Problem details: Output every line of the entries from the line containing "this 1280×960 image." through the last, exactly, with no other content.

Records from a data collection
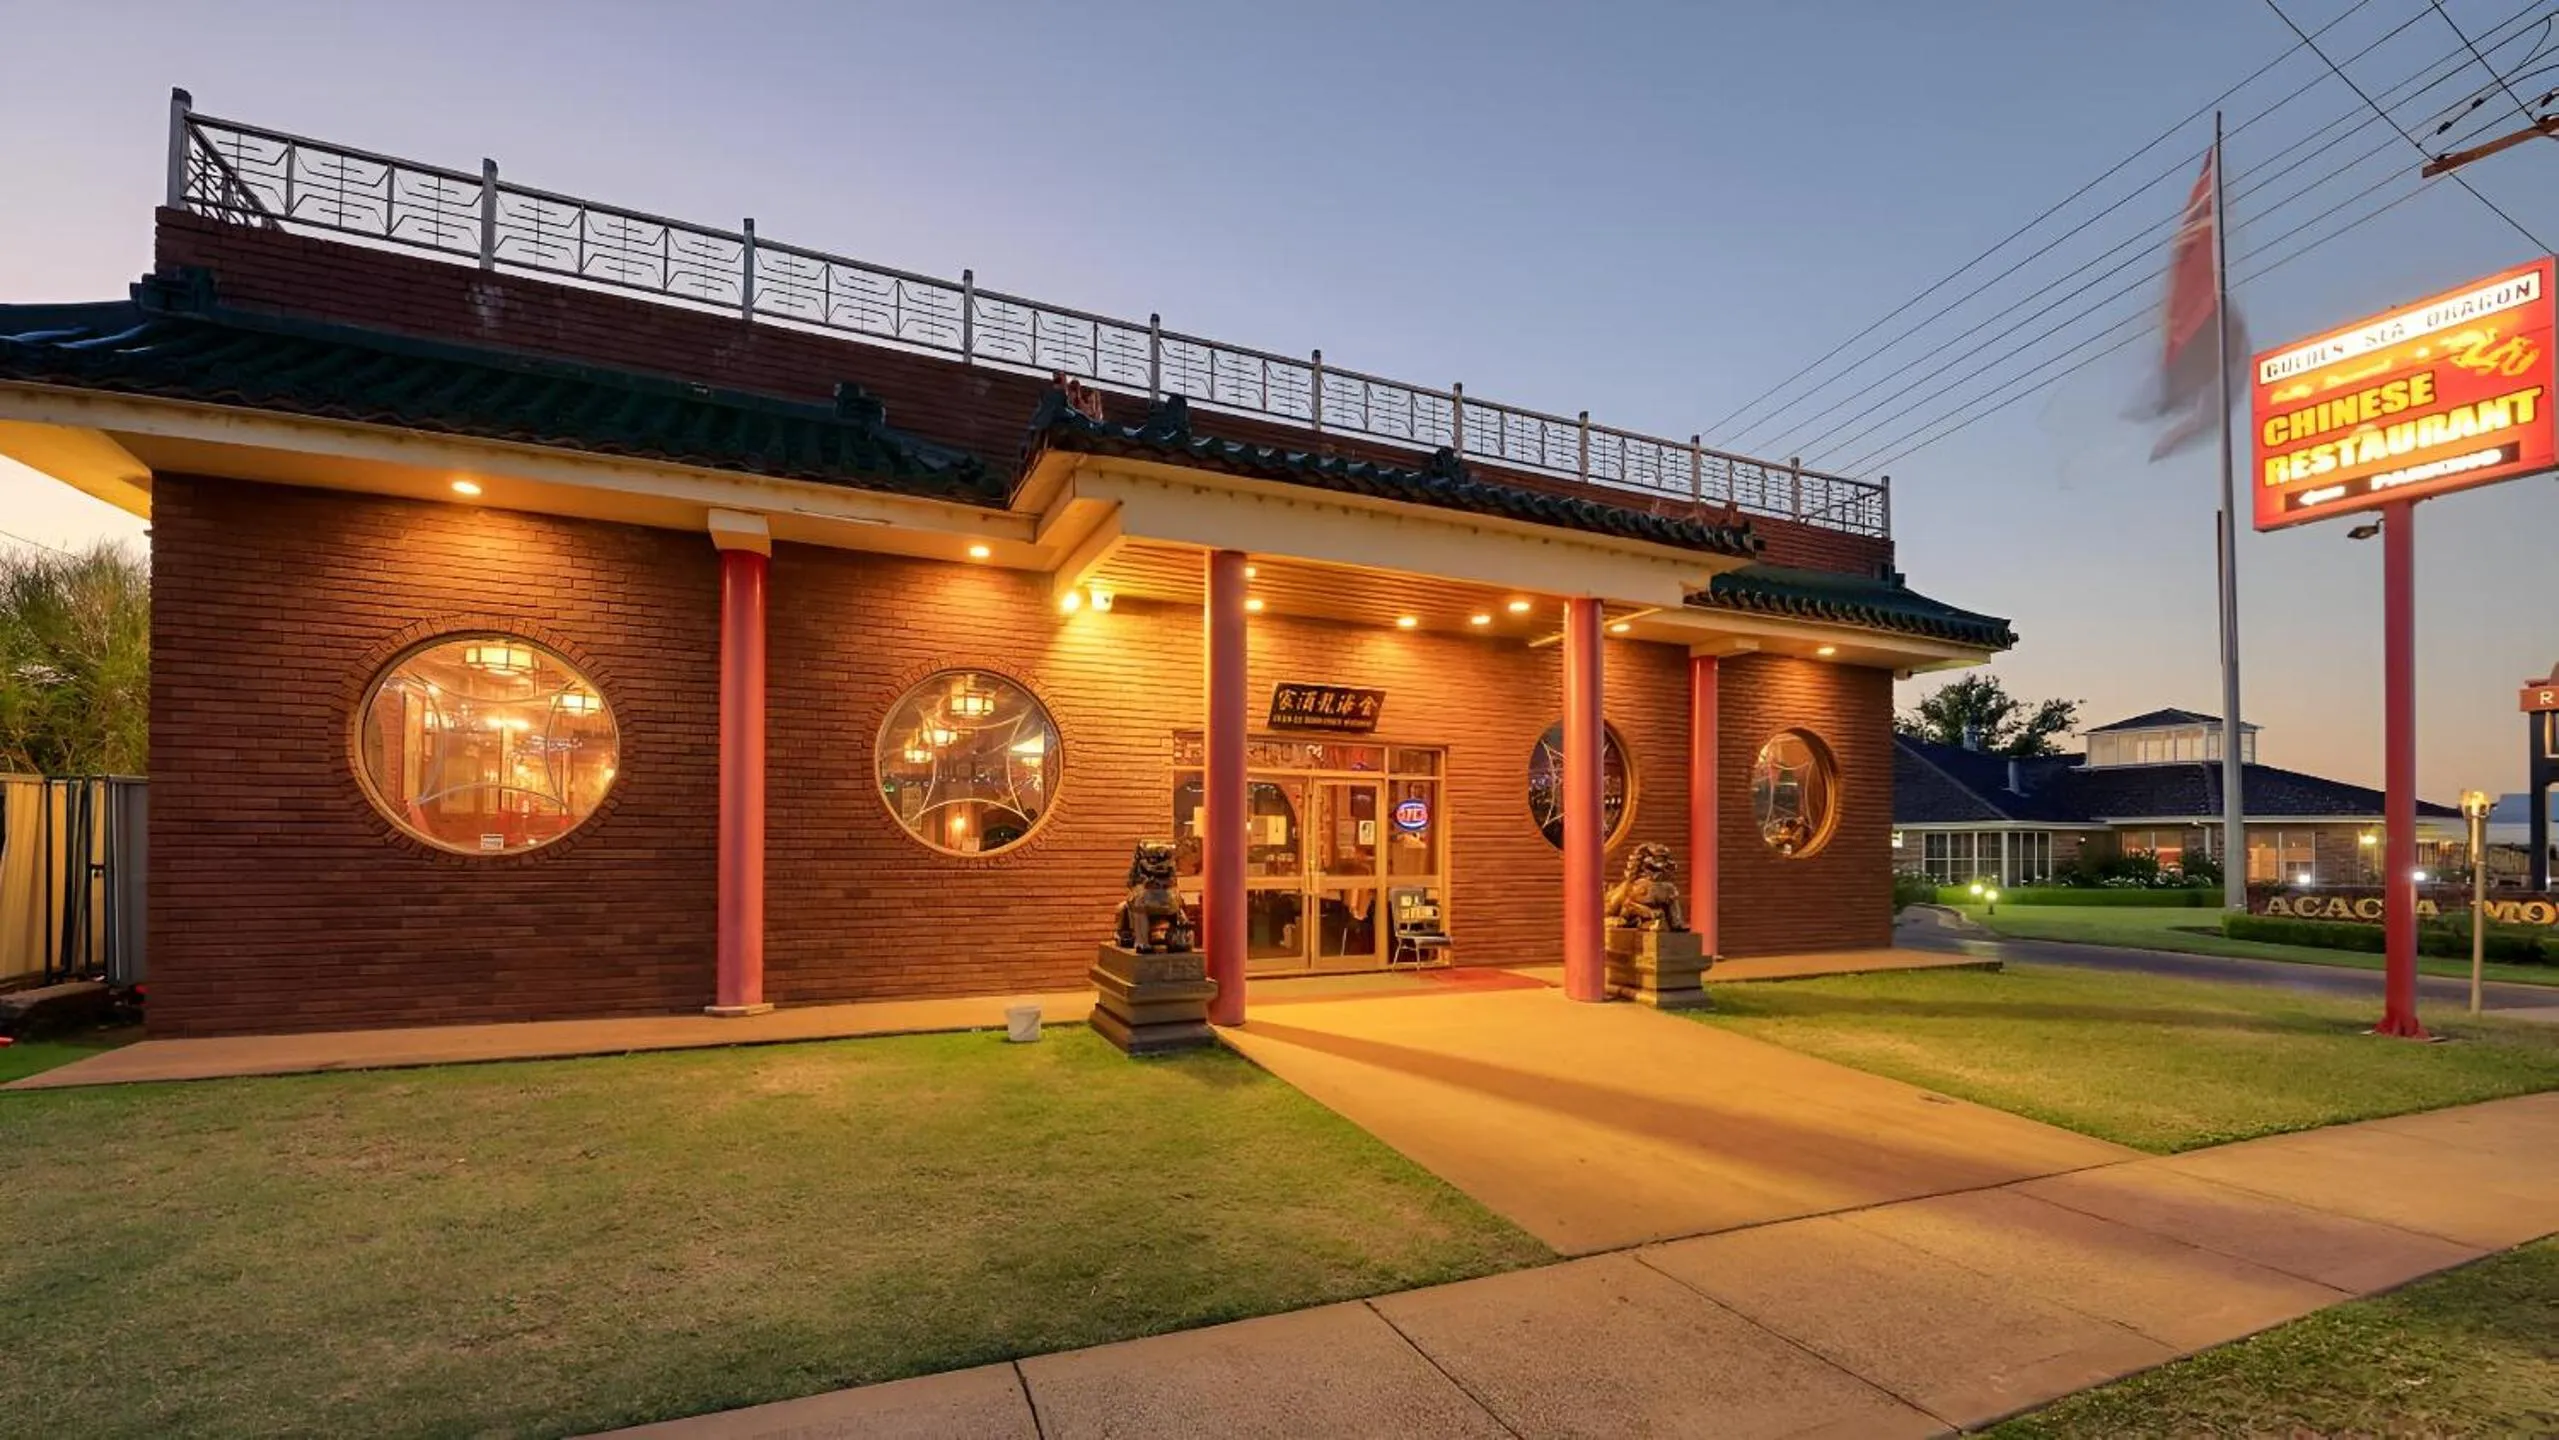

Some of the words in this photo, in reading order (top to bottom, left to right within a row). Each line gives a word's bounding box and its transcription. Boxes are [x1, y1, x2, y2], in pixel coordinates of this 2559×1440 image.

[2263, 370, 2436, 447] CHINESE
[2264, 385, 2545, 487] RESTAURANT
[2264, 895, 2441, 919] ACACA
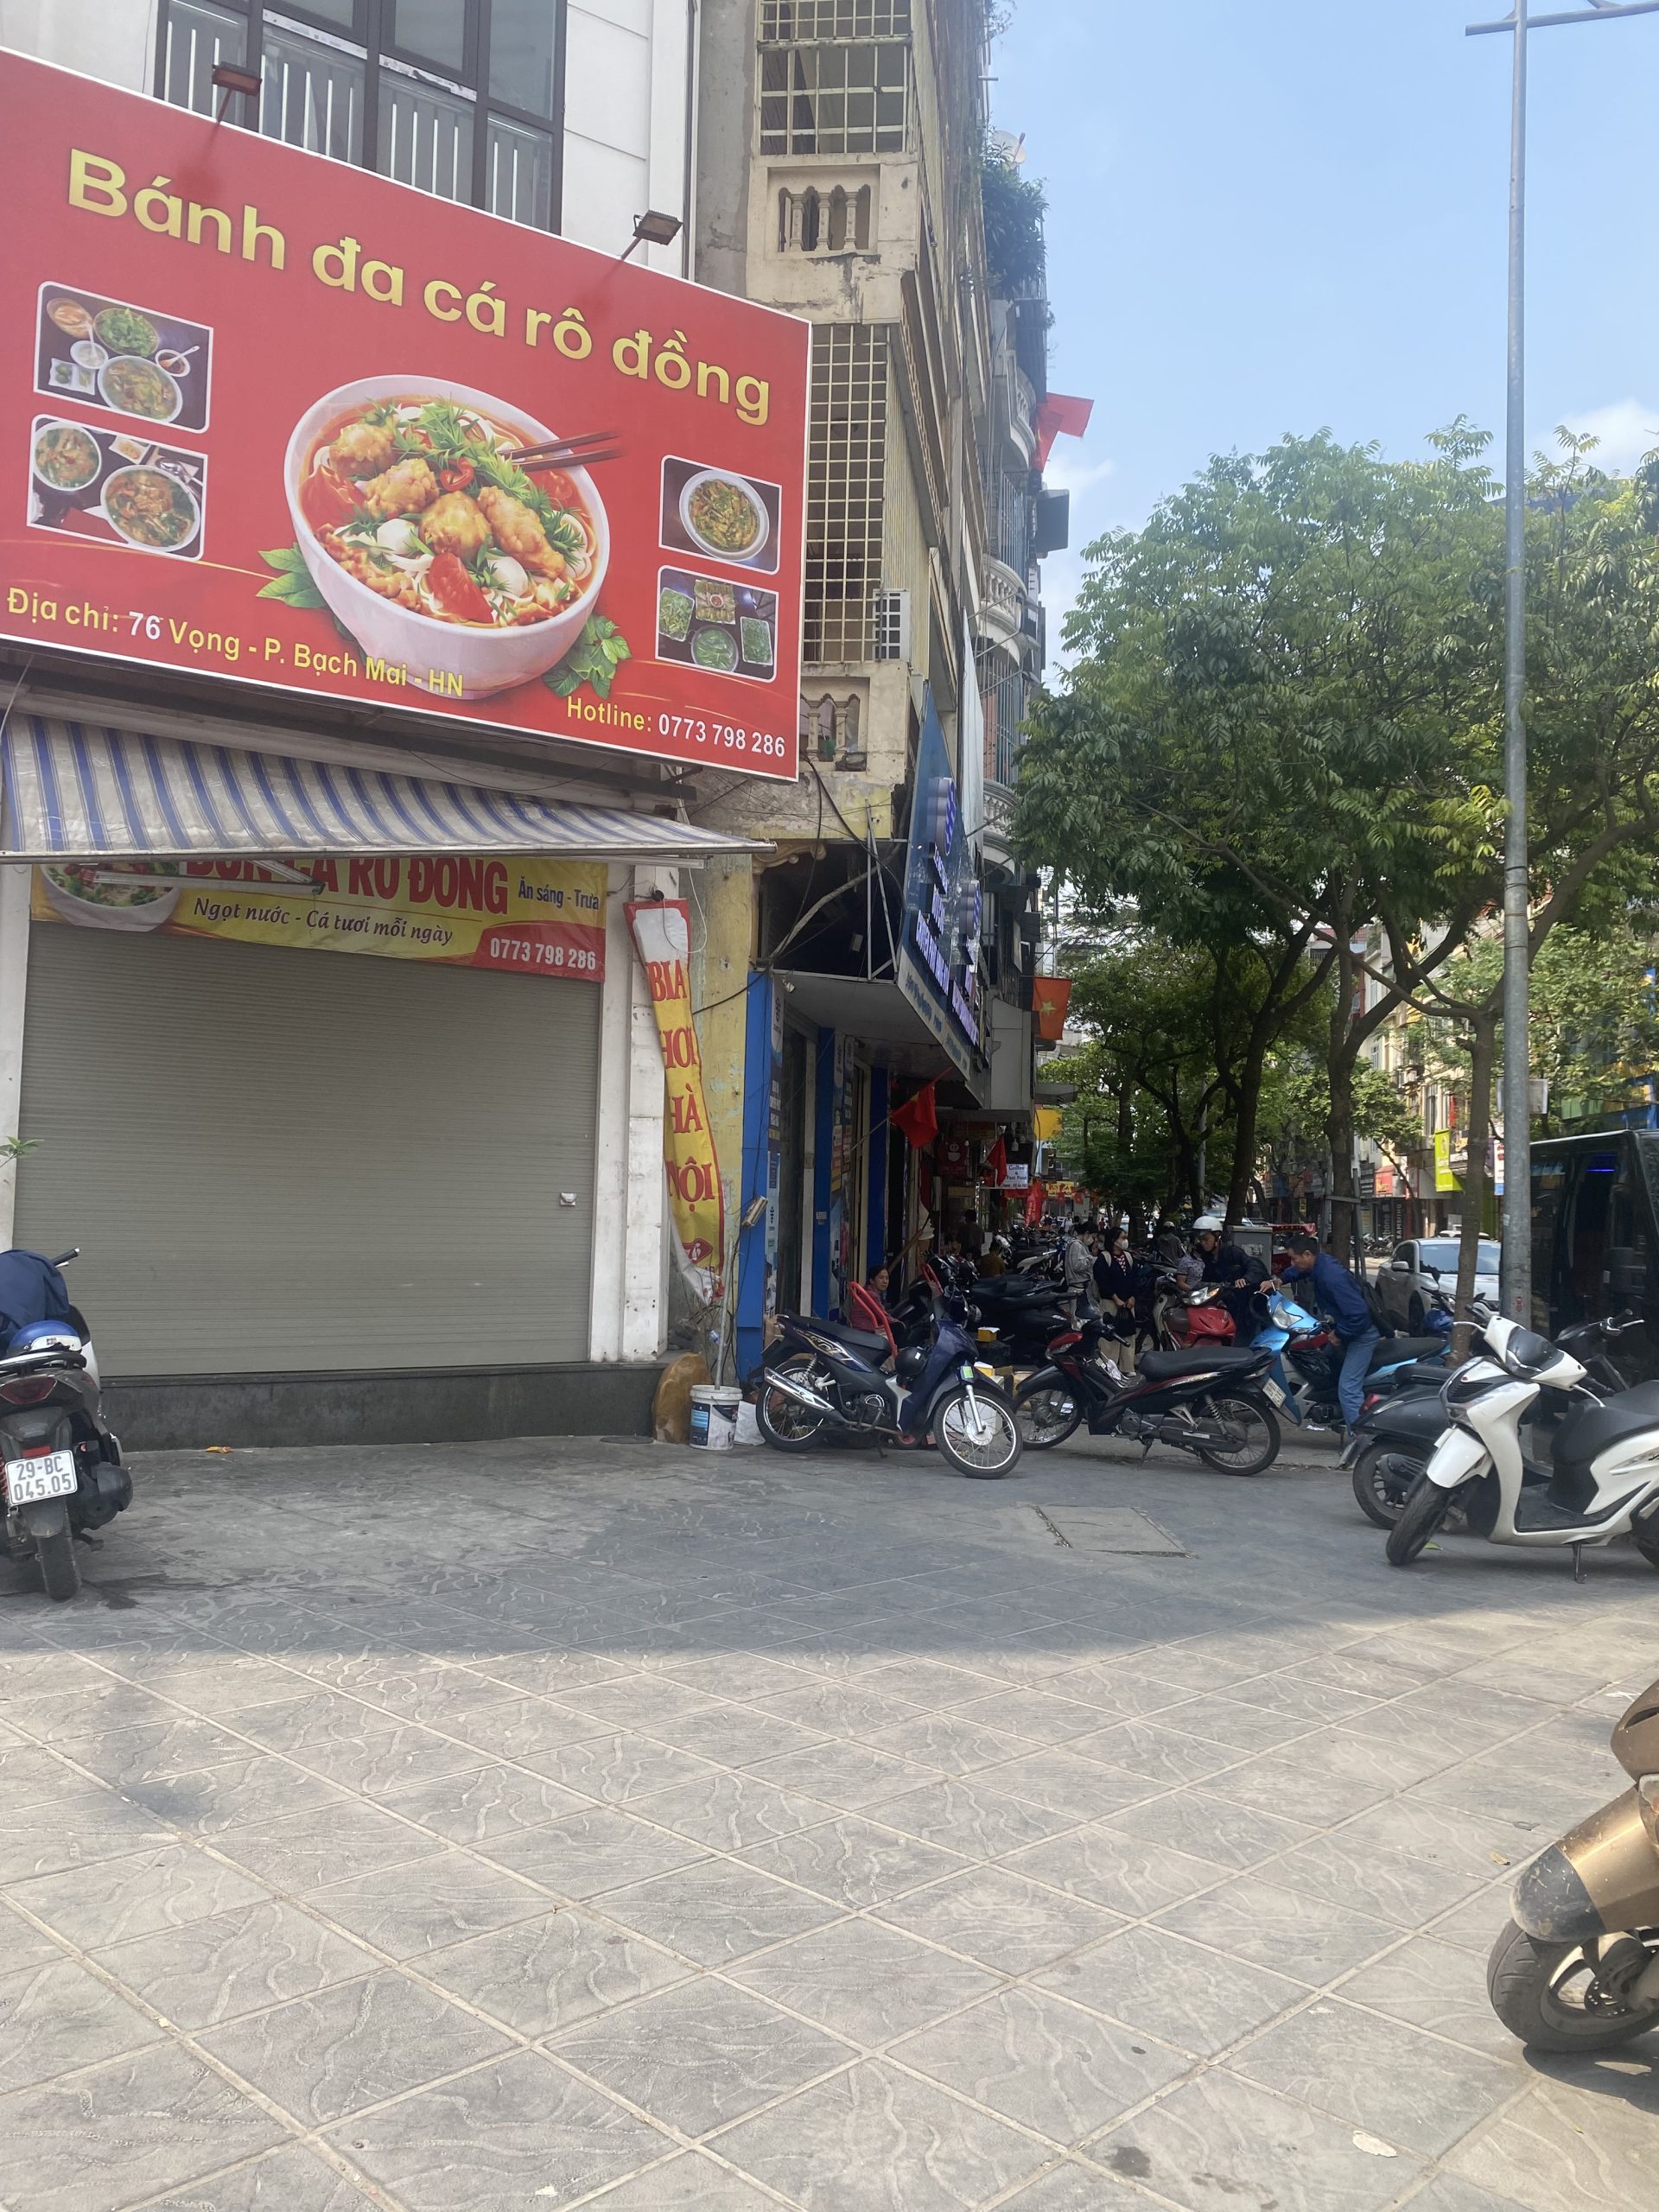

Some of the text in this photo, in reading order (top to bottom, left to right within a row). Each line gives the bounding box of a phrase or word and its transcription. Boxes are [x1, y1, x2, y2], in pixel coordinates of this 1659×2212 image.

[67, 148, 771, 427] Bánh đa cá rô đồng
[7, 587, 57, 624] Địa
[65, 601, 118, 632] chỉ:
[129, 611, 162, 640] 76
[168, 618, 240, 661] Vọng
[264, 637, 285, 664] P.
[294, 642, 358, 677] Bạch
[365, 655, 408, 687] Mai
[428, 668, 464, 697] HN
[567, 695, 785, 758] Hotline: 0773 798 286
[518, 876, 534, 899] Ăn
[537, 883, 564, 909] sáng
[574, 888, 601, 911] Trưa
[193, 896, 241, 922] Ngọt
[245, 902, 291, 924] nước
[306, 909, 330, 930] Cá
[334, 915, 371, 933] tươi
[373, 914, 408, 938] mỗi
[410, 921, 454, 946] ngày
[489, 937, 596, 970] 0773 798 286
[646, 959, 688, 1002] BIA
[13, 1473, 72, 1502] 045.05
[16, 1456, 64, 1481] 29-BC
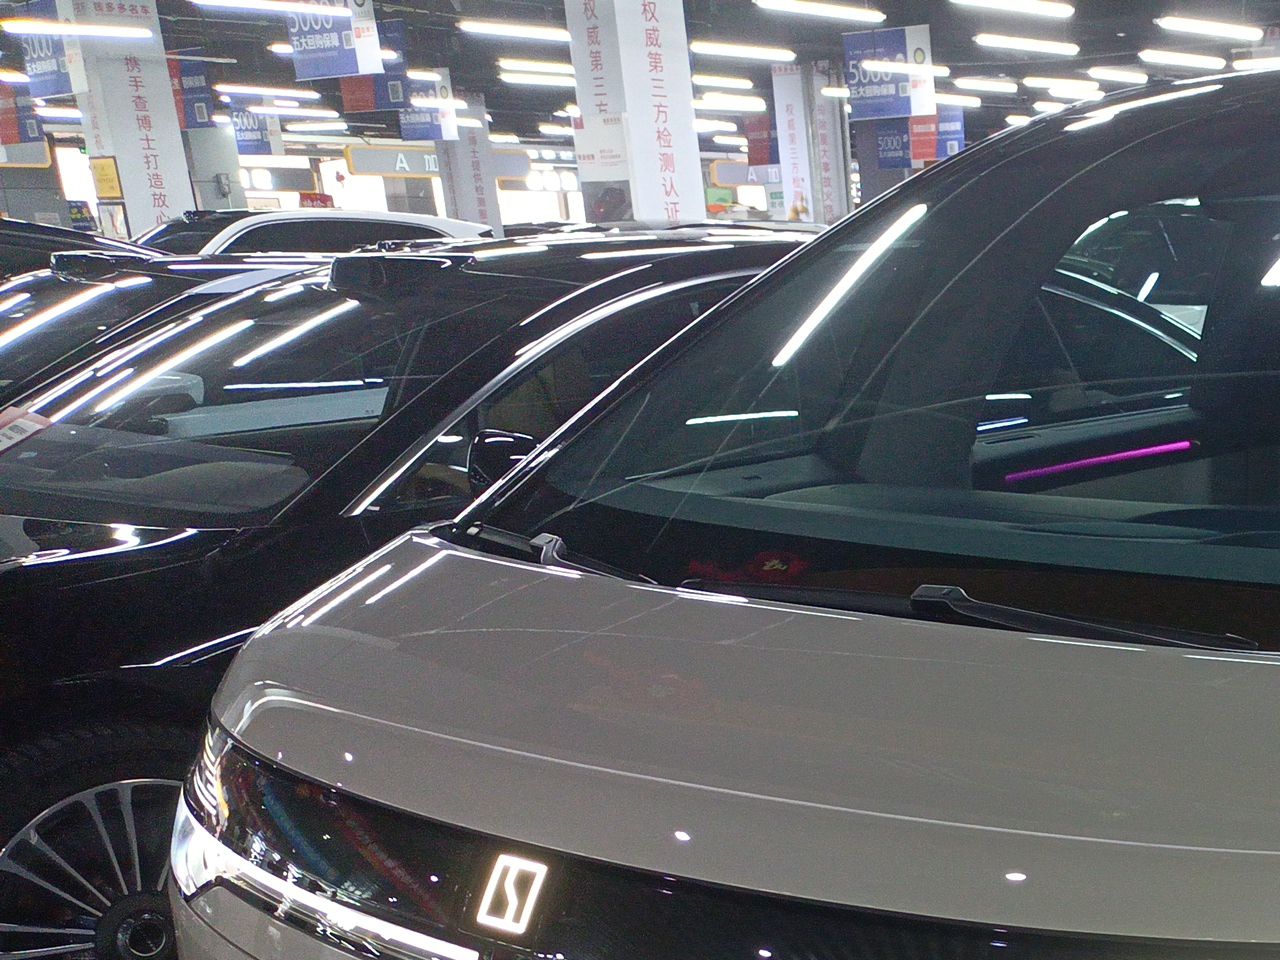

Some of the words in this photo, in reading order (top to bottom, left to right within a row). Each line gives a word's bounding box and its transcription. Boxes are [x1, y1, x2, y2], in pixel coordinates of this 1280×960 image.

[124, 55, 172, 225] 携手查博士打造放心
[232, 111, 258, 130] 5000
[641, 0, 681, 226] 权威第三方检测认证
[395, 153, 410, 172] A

Solution for this task:
Some of the words in this photo, in reading order (top to bottom, left to right within a row). Each line gives a word's bounding box and its transcription. Boxes are [x1, y1, x2, y2], in pixel coordinates of this 1280×960 image.

[124, 55, 172, 225] 携手查博士打造放心
[232, 111, 258, 130] 5000
[641, 0, 681, 226] 权威第三方检测认证
[395, 153, 410, 172] A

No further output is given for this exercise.